Why The Reflation Trade Is About To Fizzle (ZH)

As SocGen writes in previewing tomorrow’s Headline and Core PCE deflators numbers, after spending nearly five years missing to the downside on the inflation target, the Fed finally achieved its goal as the yoy headline PCE deflator hit 2.1% in February. Unfortunately, Fed officials cannot take a victory lap, because they will be right back to missing the target again when the March figures are released. The data in hand from the PPI and CPI suggest that the headline PCE deflator likely fell by 0.164% in March, which would result in the yoy rate falling from 2.1% to 1.9% (1.885% un-rounded).

Energy prices – now virtually unchanged from a year ago – in the CPI fell by 3.2% last month, and these likely flowed through into the PCE as well. However, given the smaller weight of energy in the PCE gauge, the drop in energy prices will result in a smaller drag on the headline PCE index (almost a tenth less than in the CPI). Meanwhile, the CPI’s food index increased by 0.34% in March (that being said, the PCE food index is broader, and the food indexes in the PCE not present in the CPI have been a bit volatile of late). So aside from anniversarying the unchanged Y/Y base effect, here is what else SocGen expects from tomorrow’s anti-reflationary PCE prints: the core PCE deflator looks to have declined by 0.1% in March (-0.072% un-rounded). A reading in line with our forecast would lead the yoy core rate to fall from 1.8% in February to 1.6% in March, which would be the weakest print in nine months.
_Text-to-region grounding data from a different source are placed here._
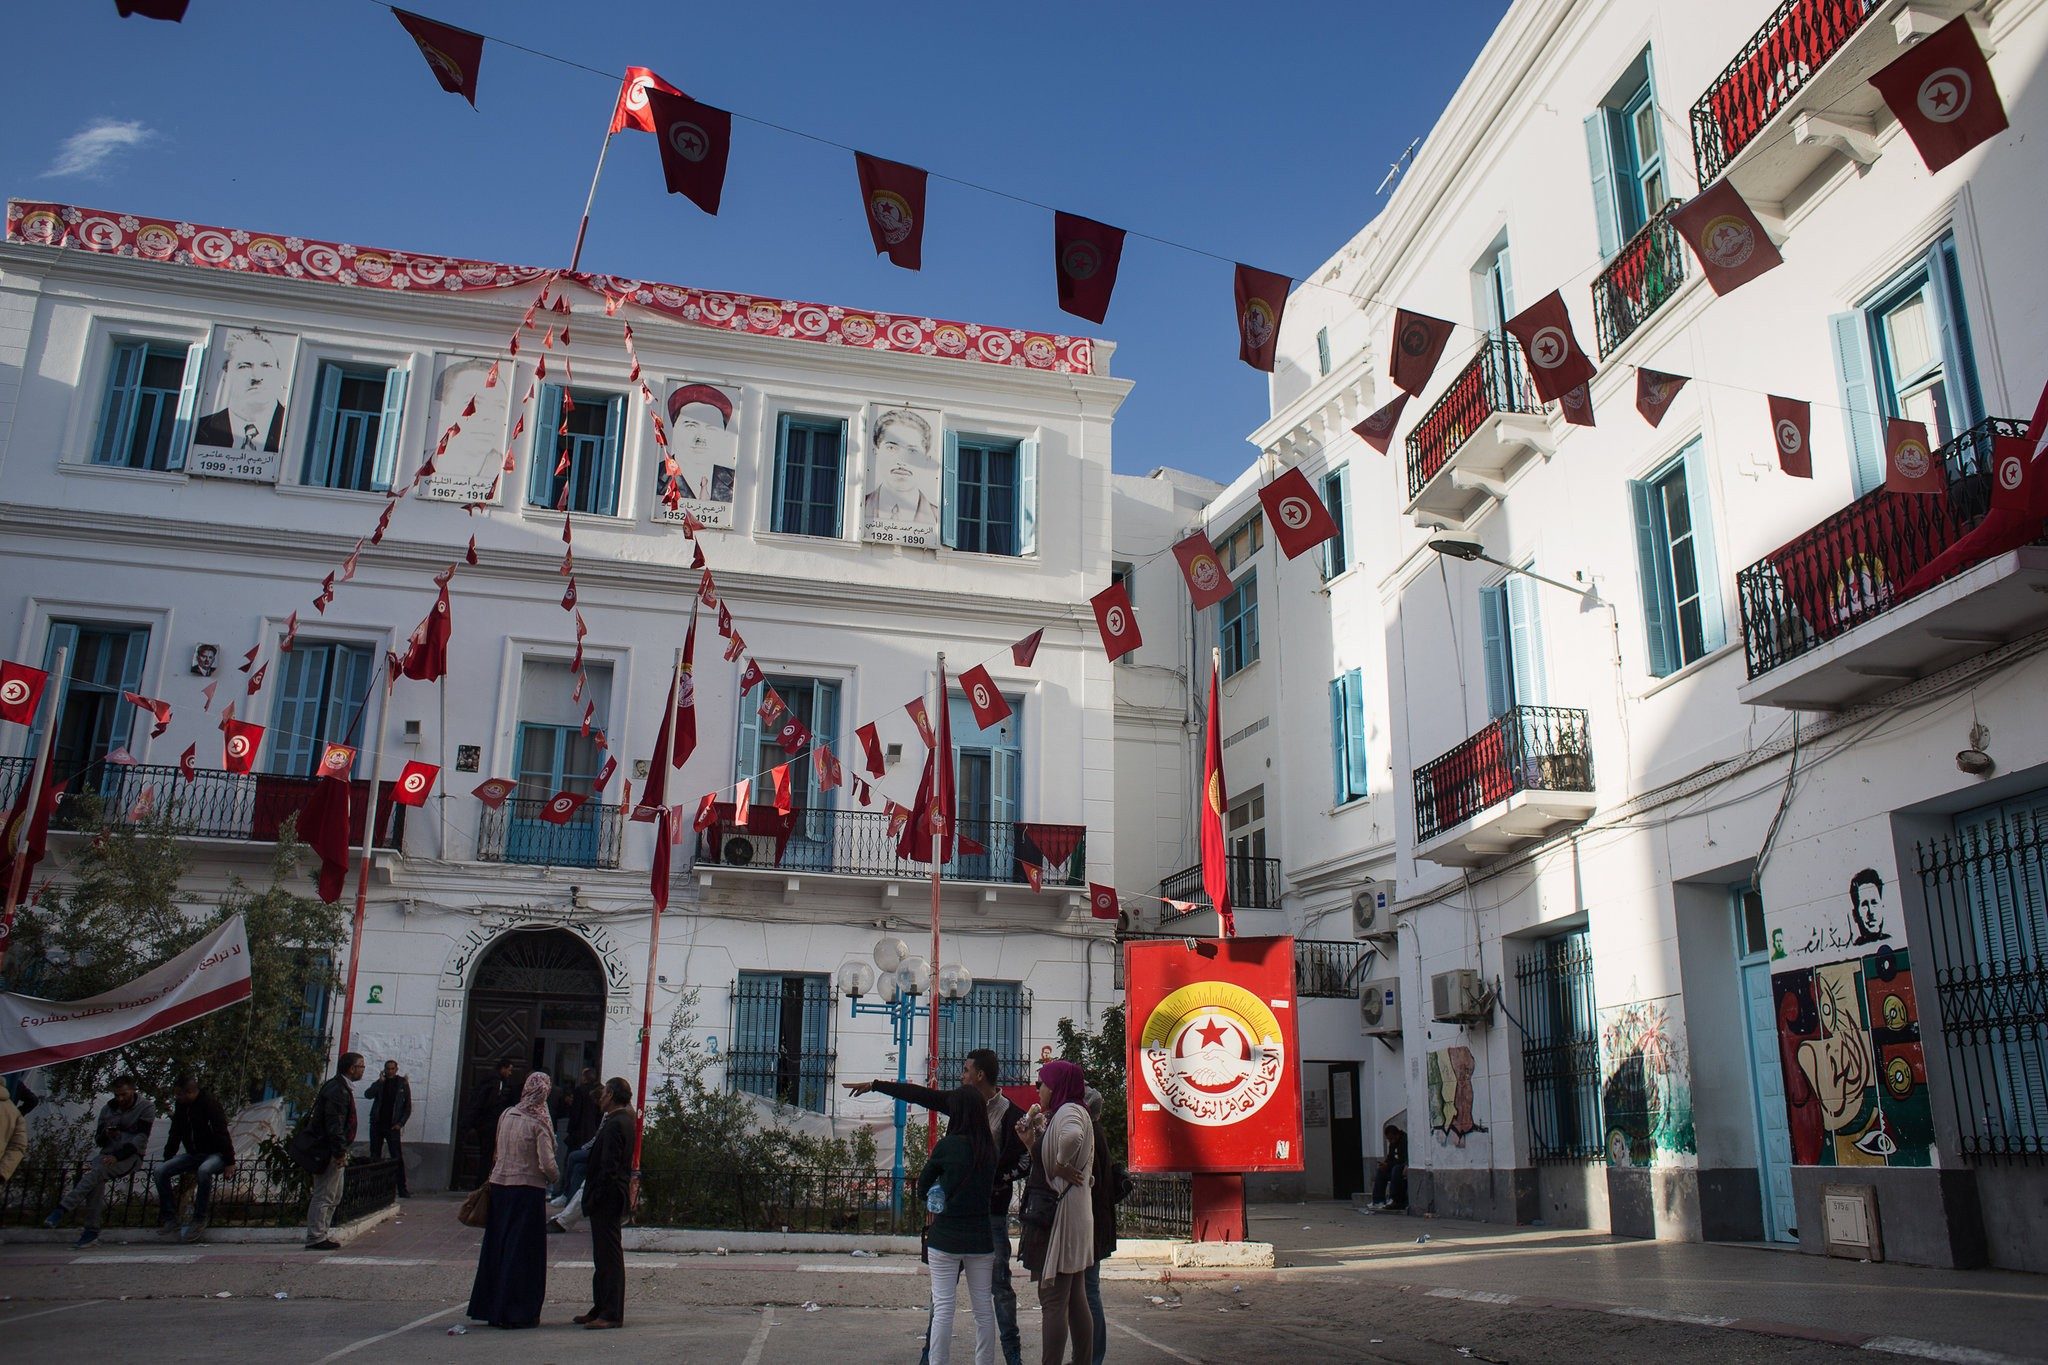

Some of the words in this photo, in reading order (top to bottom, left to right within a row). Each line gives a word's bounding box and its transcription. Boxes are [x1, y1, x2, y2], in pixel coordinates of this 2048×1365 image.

[247, 455, 274, 465] الزعيم
[200, 461, 226, 472] 1999
[237, 465, 262, 475] 1913
[432, 488, 456, 498] 1967
[702, 505, 726, 514] الزعيم
[663, 511, 686, 520] 1952
[696, 514, 719, 524] 1914
[914, 527, 933, 535] الزعيم
[871, 532, 893, 541] 1928
[902, 535, 925, 544] 1890
[232, 945, 241, 955] لا
[438, 999, 462, 1008] UGTT
[607, 1005, 631, 1014] UGTT
[21, 1012, 68, 1028] مشروع
It’s not just energy however: recall that one of the biggest drivers behind the CPI miss earlier this month was the sharp drop in wireless telecom services in the CPI, which will now flow into the PCE and subtract around 0.075 percentage points (pp) from the monthly change in the core PCE (which is less than the 0.15 pp drag in the core CPI given the lower weight of this index in the core PCE). In other words, the core PCE would have been flat if not for the wireless telecom services index. Offsetting some of this drag will be a positive contribution from health care. Data from the PPI suggests that the health care index may have advanced by around 0.2% last month, marking its biggest rise in five months. Data within the Q1 GDP report suggests that the gain may be closer to 0.3% in March. In any case, core services prices in March look to have been essentially unchanged, while core goods prices may have fallen by 0.3%.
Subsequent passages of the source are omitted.